*** Opening Dataset ***

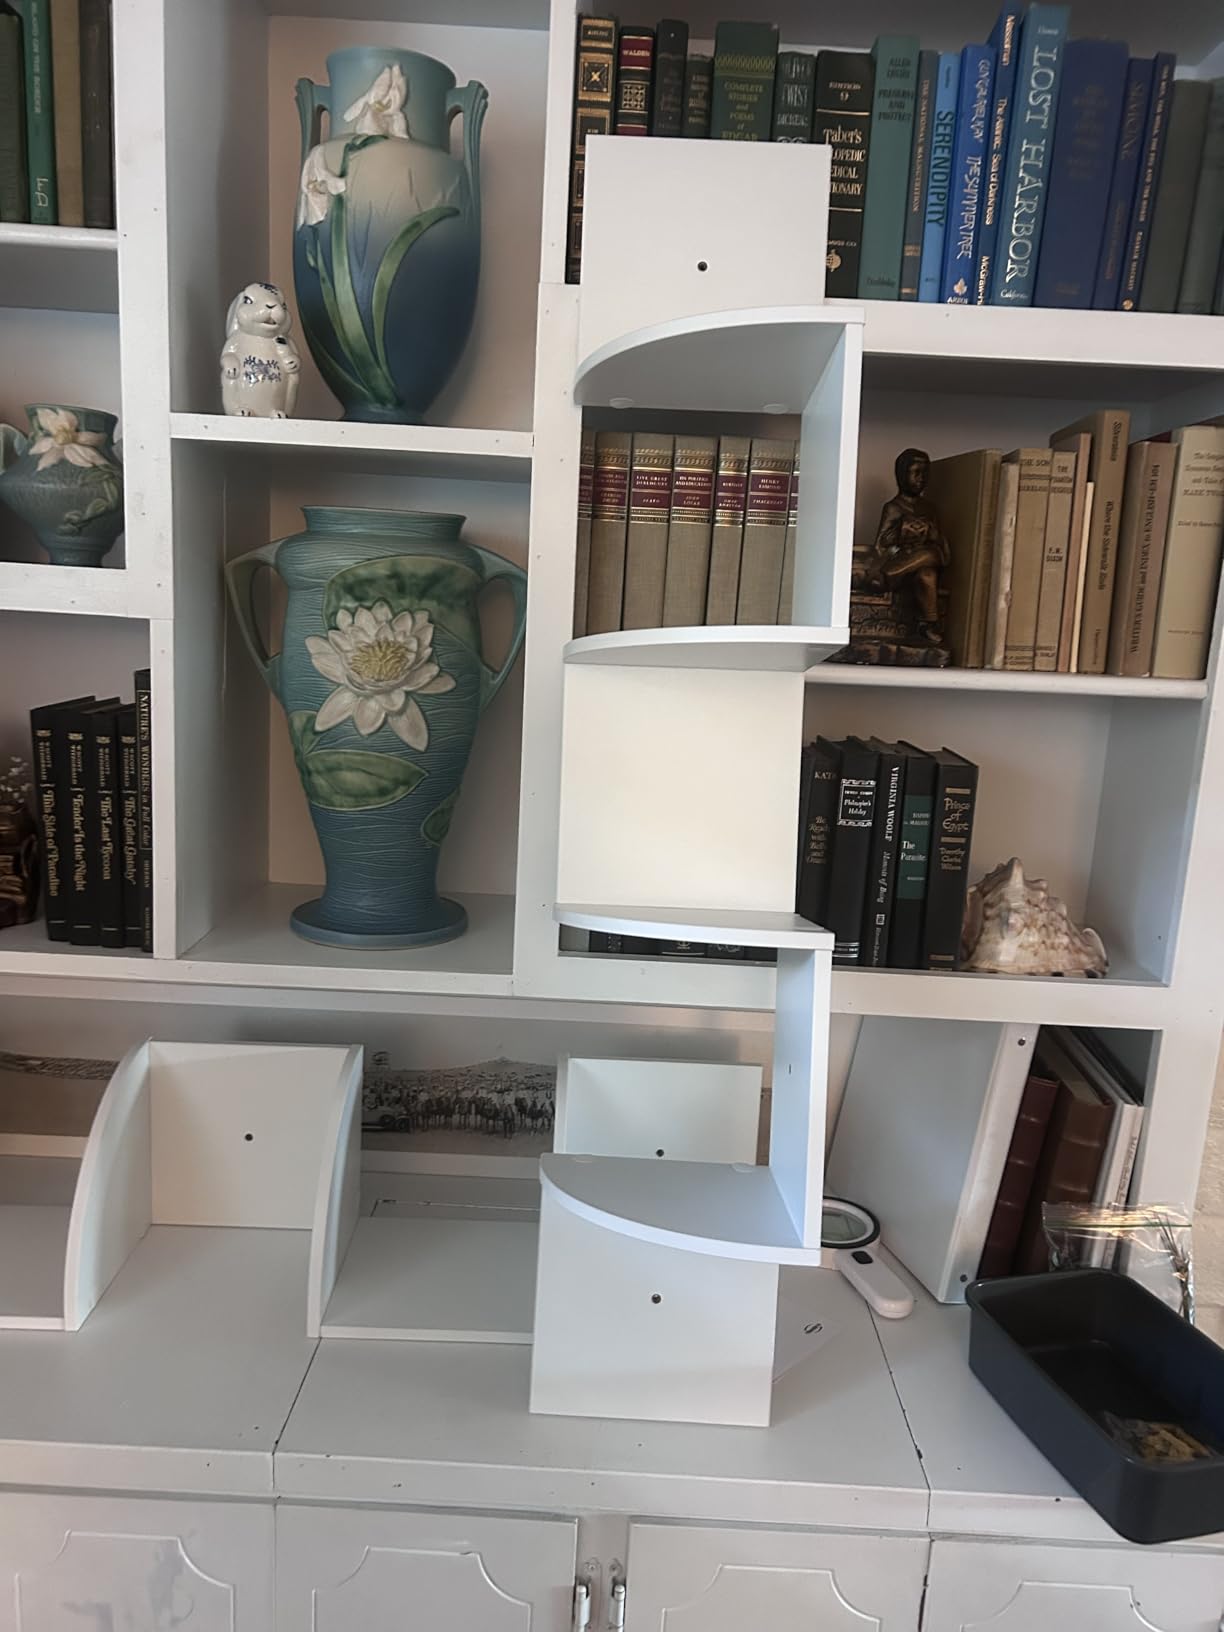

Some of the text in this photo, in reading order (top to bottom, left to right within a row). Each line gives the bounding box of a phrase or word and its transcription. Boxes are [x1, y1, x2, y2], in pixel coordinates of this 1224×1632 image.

[622, 48, 651, 57] WALDEN
[723, 81, 764, 93] COMPLETE
[828, 81, 862, 90] EDITION
[1025, 45, 1058, 129] LOST
[839, 91, 850, 102] 9
[997, 96, 1008, 115] The
[823, 124, 863, 145] Taber's
[831, 148, 866, 162] LOPEDIC
[990, 153, 1001, 173] Sea
[830, 165, 859, 179] EDICAL
[927, 111, 954, 226] SERENDIPITY
[989, 174, 999, 183] of
[956, 156, 982, 260] THE SUMMER TREE
[985, 184, 998, 226] Darkness
[1005, 138, 1046, 283] HARBOR
[1183, 488, 1203, 497] MARK
[1105, 501, 1114, 523] Where
[1103, 524, 1112, 536] the
[139, 694, 150, 846] NATURE'S WONDERS in Full Color
[848, 807, 867, 817] Holiday
[884, 766, 900, 842] VIRGINIA WOOLF
[943, 797, 971, 811] Prince
[950, 810, 962, 821] of
[942, 819, 970, 833] Egypt
[42, 790, 58, 896] This Side of Paradise
[73, 794, 88, 891] Tender Is the Night
[101, 796, 114, 880] The Last Tycoon
[123, 796, 137, 885] The Great Gatsby
[902, 840, 916, 850] The
[939, 847, 966, 857] Dorothy
[876, 886, 886, 903] Being

*** Closing Dataset ***

What to work on. Repeat the entries exactly as they are given, leaving out each image.

Answer to the exercise.
Some of the text in this photo, in reading order (top to bottom, left to right within a row). Each line gives the bounding box of a phrase or word and its transcription. Boxes are [x1, y1, x2, y2], in pixel coordinates of this 1224×1632 image.

[622, 48, 651, 57] WALDEN
[723, 81, 764, 93] COMPLETE
[828, 81, 862, 90] EDITION
[1025, 45, 1058, 129] LOST
[839, 91, 850, 102] 9
[997, 96, 1008, 115] The
[823, 124, 863, 145] Taber's
[831, 148, 866, 162] LOPEDIC
[990, 153, 1001, 173] Sea
[830, 165, 859, 179] EDICAL
[927, 111, 954, 226] SERENDIPITY
[989, 174, 999, 183] of
[956, 156, 982, 260] THE SUMMER TREE
[985, 184, 998, 226] Darkness
[1005, 138, 1046, 283] HARBOR
[1183, 488, 1203, 497] MARK
[1105, 501, 1114, 523] Where
[1103, 524, 1112, 536] the
[139, 694, 150, 846] NATURE'S WONDERS in Full Color
[848, 807, 867, 817] Holiday
[884, 766, 900, 842] VIRGINIA WOOLF
[943, 797, 971, 811] Prince
[950, 810, 962, 821] of
[942, 819, 970, 833] Egypt
[42, 790, 58, 896] This Side of Paradise
[73, 794, 88, 891] Tender Is the Night
[101, 796, 114, 880] The Last Tycoon
[123, 796, 137, 885] The Great Gatsby
[902, 840, 916, 850] The
[939, 847, 966, 857] Dorothy
[876, 886, 886, 903] Being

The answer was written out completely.